Appendix: Introduction to this concept from link above
======================================================

In case [the link above](http://akhlaghi.org/reproducible-science.html) is
not accessible at the time of reading, here is a copy of the introduction
of that link, describing the necessity for a reproduction pipeline like
this (copied on February 7th, 2018):

The most important element of a "scientific" statement/result is the fact
that others should be able to falsify it. The Tsunami of data that has
engulfed astronomers in the last two decades, combined with faster
processors and faster internet connections has made it much more easier to
obtain a result.
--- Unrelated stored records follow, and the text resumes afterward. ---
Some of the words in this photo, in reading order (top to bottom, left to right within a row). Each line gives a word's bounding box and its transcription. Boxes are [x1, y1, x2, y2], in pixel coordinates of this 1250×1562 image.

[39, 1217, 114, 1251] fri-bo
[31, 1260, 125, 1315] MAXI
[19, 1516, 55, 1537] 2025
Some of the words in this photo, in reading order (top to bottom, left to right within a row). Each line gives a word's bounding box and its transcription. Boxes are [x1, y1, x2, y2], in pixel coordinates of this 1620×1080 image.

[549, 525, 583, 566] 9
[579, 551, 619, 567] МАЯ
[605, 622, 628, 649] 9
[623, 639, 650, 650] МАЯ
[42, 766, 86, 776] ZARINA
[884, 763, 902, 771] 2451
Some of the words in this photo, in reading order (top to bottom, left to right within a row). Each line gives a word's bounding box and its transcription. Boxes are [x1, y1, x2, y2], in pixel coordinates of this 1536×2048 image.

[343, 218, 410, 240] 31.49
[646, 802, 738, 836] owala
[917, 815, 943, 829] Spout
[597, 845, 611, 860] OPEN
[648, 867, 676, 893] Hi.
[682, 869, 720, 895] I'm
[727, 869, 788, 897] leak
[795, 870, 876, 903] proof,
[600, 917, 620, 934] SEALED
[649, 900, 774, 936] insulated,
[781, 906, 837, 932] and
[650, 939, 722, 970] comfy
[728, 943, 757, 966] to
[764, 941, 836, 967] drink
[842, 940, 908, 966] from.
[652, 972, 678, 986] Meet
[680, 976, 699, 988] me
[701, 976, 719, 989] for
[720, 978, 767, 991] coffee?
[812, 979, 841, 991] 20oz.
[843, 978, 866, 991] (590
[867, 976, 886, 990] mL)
However, these factors have also increased the complexity
of a scientific analysis, such that it is no longer possible to describe
all the steps of an analysis in the published paper. Citing this
difficulty, many authors suffice to describing the generalities of their
analysis in their papers.

However, It is impossible to falsify (or even study) a result if you can't
exactly reproduce it. The complexity of modern science makes it vitally
important to exactly reproduce the final result. Because even a small
deviation can be due to many different parts of an analysis. Nature is
already a black box which we are trying so hard to comprehend. Not letting
other scientists see the exact steps taken to reach a result, or not
allowing them to modify it (do experiments on it) is a self-imposed black
box, which only exacerbates our ignorance.

Other scientists should be able to reproduce, check and experiment on the
results of anything that is to carry the "scientific" label. Any result
that is not reproducible (due to incomplete information by the author) is
not scientific: the readers have to have faith in the subjective experience
of the authors in the very important choice of configuration values and
order of operations: this is contrary to the scientific spirit.